Stephen K. Boyd, LPC

My Areas of Treatment


Aging is an area in which I have both training and experience. At Naropa I studied with Robert C. Atchley, a prominent gerontologist and with one of my teachers, Rabbi Zalman Schachter Shalomi, who founded the Aging to Saging movement. I am also what many would call “old,” a designation I neither embrace or reject. My view is that there is great diversity in how we age. We age differently by our culture, by our ethnicity, by our socio-economic status, and by many other factors. Of course, in addition to how we age, we must contend with the attitudes of the greater society toward aging. My interest in aging obviously intersects with my work in End of Life.

End of Life

I left a substantial career in mid-life to go back to school and get a Master’s degree in counseling specifically so I could do hospice work. I have been involved with four different hospices in four different parts of the country, and I am presently a hospice volunteer in Portland. When death is imminent, I think that striving to live and preparing to die are not only not incompatible, but complementary. A good life and a good death are intimately connected. Ideally I work with people far in advance of End of Life.


I am a cancer survivor. I have had cancer for 12 years and I’m healthy as a horse. My health is a product of my decisions. I would not presume to “know what you are going through,” but it can provide some common ground for our work. My approach begins with recognizing that there are many dimensions to the cancer experience. My goal is to help you effectively confront this challenge while maintaining the greatest quality of life possible. In order to do this, we must look not just at the psychological impacts, but social and cultural ones as well.


My approach to mania is very much like my approach to psychosis (and mania can often move into psychosis). One important difference is that bipolar clients can have long periods of “normal” behavior. So, for that reason, I like to see the least meds. The work with mania is to see mania as a liability, a form of self-intoxication that which masquerades as energy, creativity, maybe spirituality, but erodes our lives, episode by episode.

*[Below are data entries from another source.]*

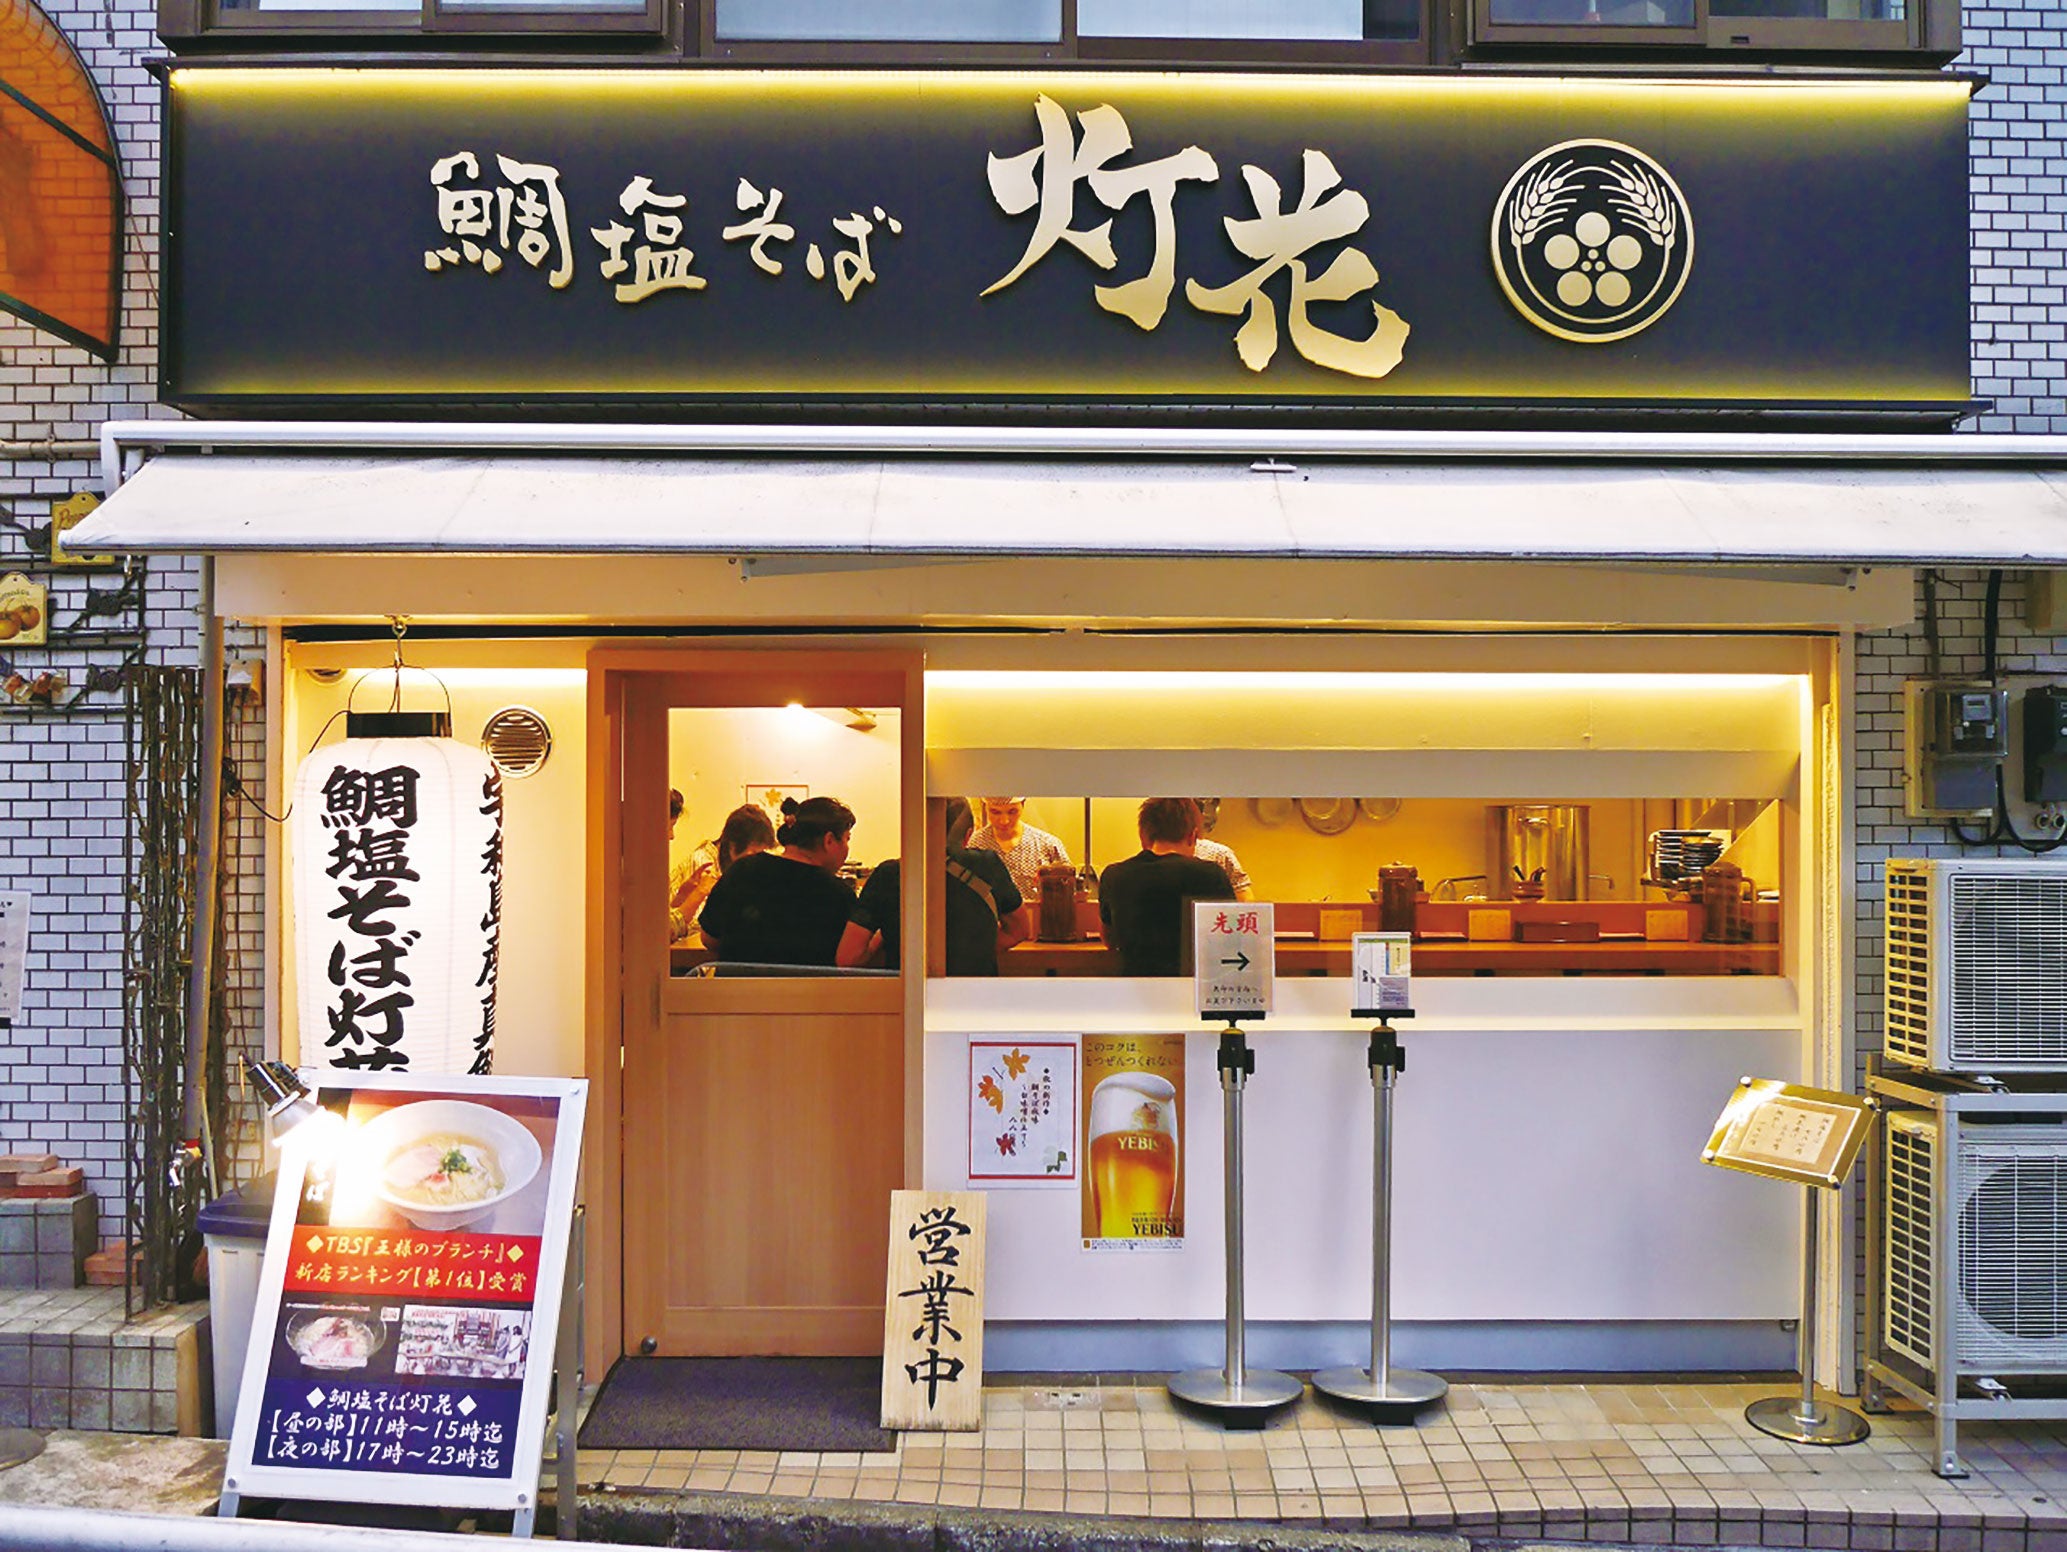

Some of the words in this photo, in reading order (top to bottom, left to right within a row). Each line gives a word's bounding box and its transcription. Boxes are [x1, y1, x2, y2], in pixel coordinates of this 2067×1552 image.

[424, 152, 901, 302] 鯛塩そば
[979, 92, 1411, 379] 灯花
[1211, 911, 1258, 934] 先頭
[897, 1206, 975, 1412] 営業中
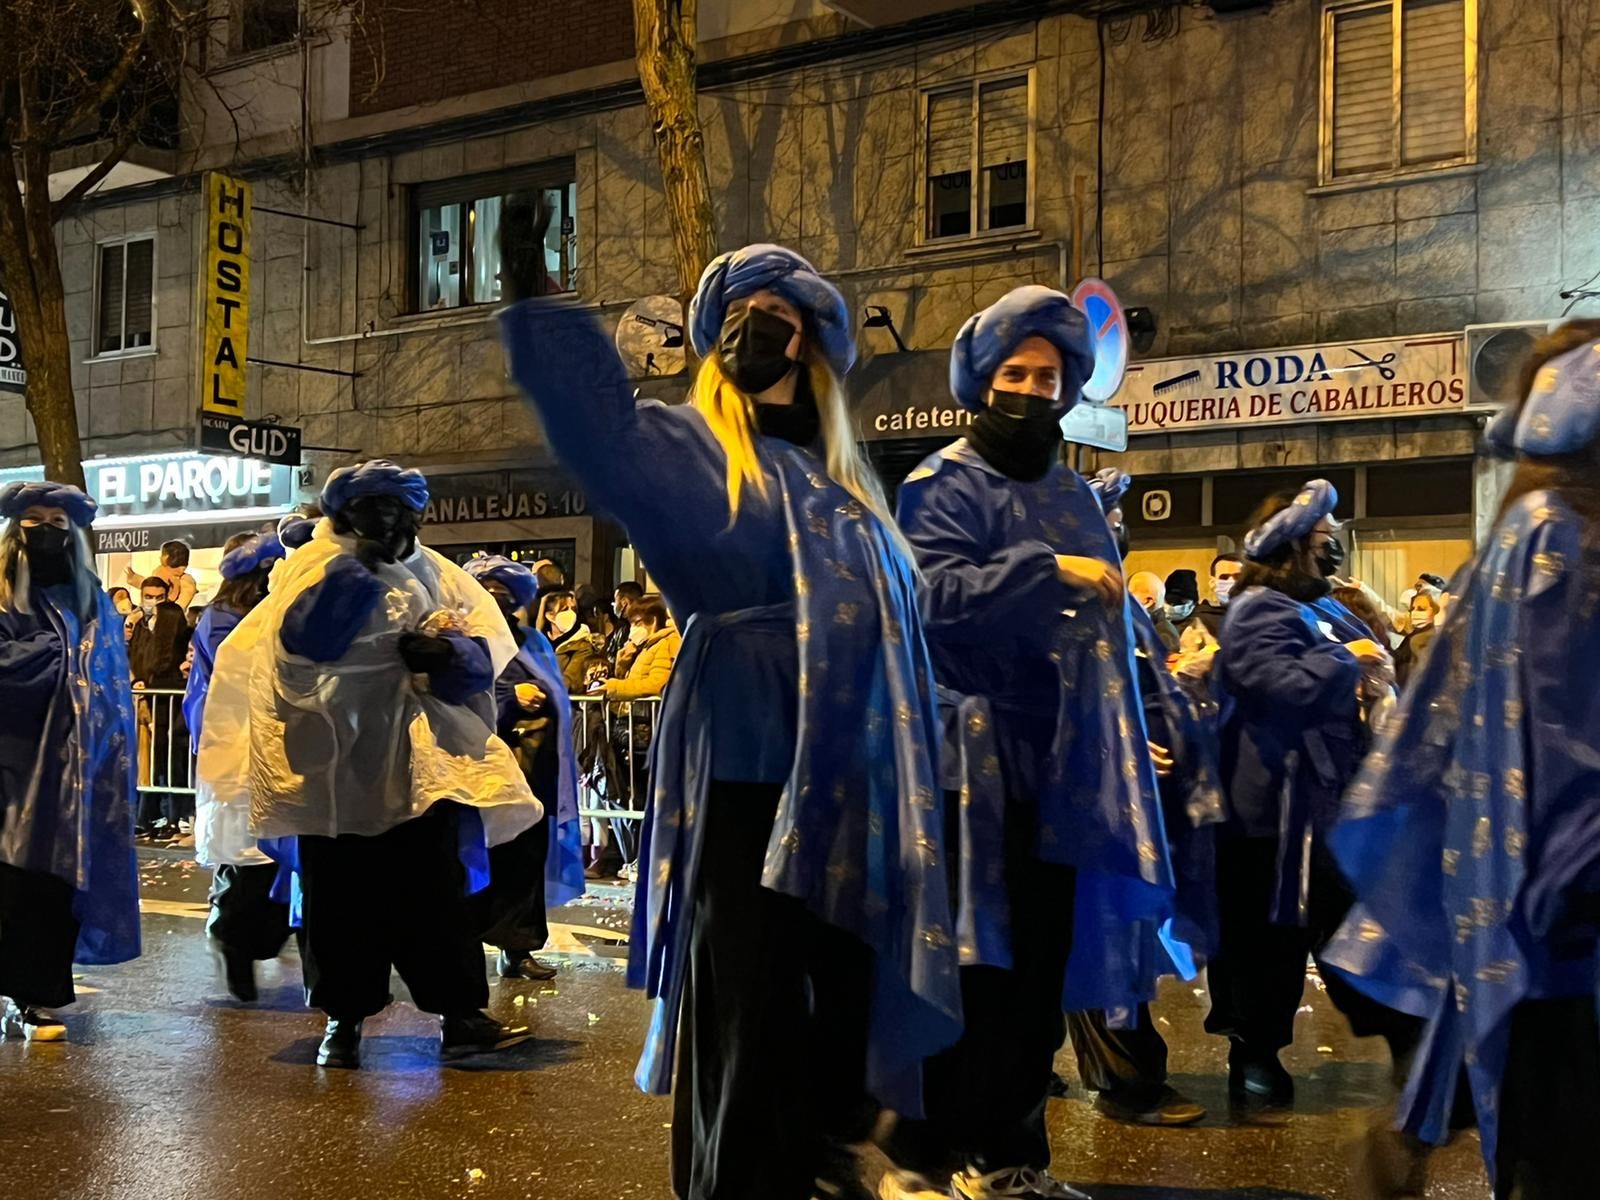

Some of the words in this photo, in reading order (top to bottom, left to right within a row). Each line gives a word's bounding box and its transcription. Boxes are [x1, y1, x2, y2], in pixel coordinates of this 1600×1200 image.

[212, 183, 244, 408] HOSTAL
[1216, 352, 1333, 389] RODA
[1249, 393, 1282, 417] DE
[1290, 378, 1464, 414] CABALLEROS
[874, 406, 979, 432] cafeteri
[98, 466, 135, 505] EL
[139, 456, 272, 503] PARQUE
[417, 491, 547, 523] ANALEJAS
[99, 530, 149, 551] PARQUE

Anxiety has many roots, ranging from our own genes to the tumultuous times we live in. So it has many solutions. There are treatments that utilize the mind and treatments that work through the body. Sometimes it is more productive to change an external factor than to change you. As with depression, it important to consider both physical and social, as well as psychological factors. Though it is up to each one of us to make whatever transformations are needed for a good life, we must examine both our inner and outer situations.


I think there is a great deal of confusion around depression. I like to begin our work by separating sadness and depression, and calm, low energy states from depression. Depression is a debilitating illness, being sad and being quiet are a part of our health. Depression may benefit from medication, but this not always the case. Research indicates that recovery from depression lasts twice as long when medication and therapy are combined.


I have both training and considerable experience with clients with delusional disorders. During my Master’s program I did a long internship in a therapeutic modality known as Windhorse, and subsequently helped get an installation of Windhorse going in Portland. Windhorse is a psychotherapeutically-based, residential (in the true sense, “in your home”), team approach to the treatment of what we call “extreme” states, particularly delusions. While it is not a “no-meds,” I take the view that “least meds are best meds.” I do have clients who do not use any medication. I work in a scaled down version but guided by the same principles. I am on the Windhorse World Council.

Distance Therapy

Although I have an office in Portland, I also work with clients over the Internet.